**Your instructions**: From the line that includes "this 1904×1428 image." down to the final line of the data below, copy every line exactly and leave the rest out.

──────── Task inputs ────────

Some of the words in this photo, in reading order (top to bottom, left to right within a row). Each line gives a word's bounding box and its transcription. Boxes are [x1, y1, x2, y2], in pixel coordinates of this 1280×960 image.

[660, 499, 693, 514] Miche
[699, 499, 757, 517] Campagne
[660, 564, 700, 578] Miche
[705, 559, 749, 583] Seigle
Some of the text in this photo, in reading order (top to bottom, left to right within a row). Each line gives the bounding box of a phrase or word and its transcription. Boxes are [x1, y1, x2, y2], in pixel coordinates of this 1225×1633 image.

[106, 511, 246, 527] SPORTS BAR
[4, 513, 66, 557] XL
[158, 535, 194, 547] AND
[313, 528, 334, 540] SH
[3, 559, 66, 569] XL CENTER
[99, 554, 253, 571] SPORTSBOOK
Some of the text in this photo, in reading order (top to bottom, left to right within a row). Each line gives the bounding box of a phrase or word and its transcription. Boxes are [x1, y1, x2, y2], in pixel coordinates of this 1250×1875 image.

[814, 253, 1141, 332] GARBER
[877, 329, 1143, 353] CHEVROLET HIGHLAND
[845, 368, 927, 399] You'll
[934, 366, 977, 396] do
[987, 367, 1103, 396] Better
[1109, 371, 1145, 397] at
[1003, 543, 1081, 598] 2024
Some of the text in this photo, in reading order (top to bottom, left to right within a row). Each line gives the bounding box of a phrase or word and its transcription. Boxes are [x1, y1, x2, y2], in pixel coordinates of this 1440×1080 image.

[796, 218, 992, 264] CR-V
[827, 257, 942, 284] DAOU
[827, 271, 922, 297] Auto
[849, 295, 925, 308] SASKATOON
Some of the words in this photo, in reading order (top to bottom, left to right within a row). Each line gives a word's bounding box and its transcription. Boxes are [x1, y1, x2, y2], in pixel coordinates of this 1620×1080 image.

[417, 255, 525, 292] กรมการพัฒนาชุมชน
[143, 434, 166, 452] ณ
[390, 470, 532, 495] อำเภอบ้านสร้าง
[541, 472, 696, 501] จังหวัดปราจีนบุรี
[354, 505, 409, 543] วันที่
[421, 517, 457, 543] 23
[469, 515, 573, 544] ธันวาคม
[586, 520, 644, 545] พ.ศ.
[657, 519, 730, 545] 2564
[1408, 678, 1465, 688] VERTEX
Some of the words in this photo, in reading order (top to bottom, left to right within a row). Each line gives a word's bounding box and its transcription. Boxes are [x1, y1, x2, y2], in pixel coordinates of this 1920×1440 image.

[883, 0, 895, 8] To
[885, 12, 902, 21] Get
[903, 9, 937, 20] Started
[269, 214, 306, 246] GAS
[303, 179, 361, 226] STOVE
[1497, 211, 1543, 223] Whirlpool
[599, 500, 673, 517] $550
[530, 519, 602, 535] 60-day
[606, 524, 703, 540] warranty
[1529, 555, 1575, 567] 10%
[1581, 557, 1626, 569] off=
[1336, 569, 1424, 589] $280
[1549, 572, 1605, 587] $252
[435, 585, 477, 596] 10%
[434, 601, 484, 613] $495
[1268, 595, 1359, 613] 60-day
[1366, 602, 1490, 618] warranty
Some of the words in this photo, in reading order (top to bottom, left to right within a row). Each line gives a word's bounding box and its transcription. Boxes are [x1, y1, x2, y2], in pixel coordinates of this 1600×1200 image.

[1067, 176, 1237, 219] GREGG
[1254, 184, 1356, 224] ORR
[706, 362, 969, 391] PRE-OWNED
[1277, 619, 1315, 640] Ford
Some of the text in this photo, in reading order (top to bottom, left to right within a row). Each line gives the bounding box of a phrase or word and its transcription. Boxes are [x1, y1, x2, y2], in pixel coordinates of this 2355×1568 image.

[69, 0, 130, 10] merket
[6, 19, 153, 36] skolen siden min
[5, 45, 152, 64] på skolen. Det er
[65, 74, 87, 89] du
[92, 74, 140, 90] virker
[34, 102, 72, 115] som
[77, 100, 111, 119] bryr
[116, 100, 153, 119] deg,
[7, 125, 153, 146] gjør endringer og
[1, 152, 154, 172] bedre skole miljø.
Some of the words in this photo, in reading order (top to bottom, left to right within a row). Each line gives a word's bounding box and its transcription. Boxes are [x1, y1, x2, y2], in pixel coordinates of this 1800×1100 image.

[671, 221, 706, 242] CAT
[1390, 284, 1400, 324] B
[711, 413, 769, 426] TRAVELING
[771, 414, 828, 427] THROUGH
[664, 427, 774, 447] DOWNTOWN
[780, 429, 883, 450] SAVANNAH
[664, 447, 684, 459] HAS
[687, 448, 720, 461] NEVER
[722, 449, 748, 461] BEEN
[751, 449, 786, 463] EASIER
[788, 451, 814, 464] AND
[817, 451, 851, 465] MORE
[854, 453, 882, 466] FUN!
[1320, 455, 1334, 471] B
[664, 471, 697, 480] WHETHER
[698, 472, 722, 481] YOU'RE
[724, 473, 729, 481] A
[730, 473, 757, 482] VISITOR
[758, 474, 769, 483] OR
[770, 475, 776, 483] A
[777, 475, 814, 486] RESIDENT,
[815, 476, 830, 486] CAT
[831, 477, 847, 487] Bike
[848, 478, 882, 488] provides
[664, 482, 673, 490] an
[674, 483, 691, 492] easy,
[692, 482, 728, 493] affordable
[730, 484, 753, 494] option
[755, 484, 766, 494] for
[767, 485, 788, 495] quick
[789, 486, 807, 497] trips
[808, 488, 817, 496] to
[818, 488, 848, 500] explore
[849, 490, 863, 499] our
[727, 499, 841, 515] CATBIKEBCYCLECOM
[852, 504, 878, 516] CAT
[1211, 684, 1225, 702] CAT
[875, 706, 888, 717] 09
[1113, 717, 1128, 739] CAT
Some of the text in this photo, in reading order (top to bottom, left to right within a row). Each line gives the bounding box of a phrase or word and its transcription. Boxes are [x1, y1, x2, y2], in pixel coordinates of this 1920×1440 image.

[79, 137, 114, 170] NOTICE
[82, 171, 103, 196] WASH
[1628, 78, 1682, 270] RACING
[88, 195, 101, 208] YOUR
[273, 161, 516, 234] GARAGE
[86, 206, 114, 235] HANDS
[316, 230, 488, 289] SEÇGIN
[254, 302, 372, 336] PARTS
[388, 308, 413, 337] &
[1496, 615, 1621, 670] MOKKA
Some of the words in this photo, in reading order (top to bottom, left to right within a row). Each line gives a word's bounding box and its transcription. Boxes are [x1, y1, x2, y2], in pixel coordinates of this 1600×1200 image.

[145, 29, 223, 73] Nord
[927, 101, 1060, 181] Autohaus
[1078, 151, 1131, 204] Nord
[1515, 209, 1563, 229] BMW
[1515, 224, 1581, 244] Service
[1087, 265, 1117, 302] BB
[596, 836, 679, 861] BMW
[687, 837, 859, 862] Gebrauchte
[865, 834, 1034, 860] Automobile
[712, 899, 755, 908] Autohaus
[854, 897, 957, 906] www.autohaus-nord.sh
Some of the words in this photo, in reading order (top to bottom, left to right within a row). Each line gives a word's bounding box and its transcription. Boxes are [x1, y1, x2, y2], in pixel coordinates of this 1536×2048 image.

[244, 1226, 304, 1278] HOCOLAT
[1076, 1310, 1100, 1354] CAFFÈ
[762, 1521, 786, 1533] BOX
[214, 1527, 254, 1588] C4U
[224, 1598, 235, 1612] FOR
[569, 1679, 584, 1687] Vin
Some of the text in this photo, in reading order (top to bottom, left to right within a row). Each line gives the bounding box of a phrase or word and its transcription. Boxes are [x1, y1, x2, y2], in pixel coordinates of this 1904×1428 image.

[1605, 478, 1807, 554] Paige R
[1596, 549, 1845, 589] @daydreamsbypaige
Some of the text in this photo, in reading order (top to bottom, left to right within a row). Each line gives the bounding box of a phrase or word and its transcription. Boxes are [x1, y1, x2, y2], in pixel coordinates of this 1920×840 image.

────────

**Output for this exercise**:
Some of the text in this photo, in reading order (top to bottom, left to right within a row). Each line gives the bounding box of a phrase or word and its transcription. Boxes are [x1, y1, x2, y2], in pixel coordinates of this 1904×1428 image.

[1605, 478, 1807, 554] Paige R
[1596, 549, 1845, 589] @daydreamsbypaige
Some of the text in this photo, in reading order (top to bottom, left to right within a row). Each line gives the bounding box of a phrase or word and its transcription. Boxes are [x1, y1, x2, y2], in pixel coordinates of this 1920×840 image.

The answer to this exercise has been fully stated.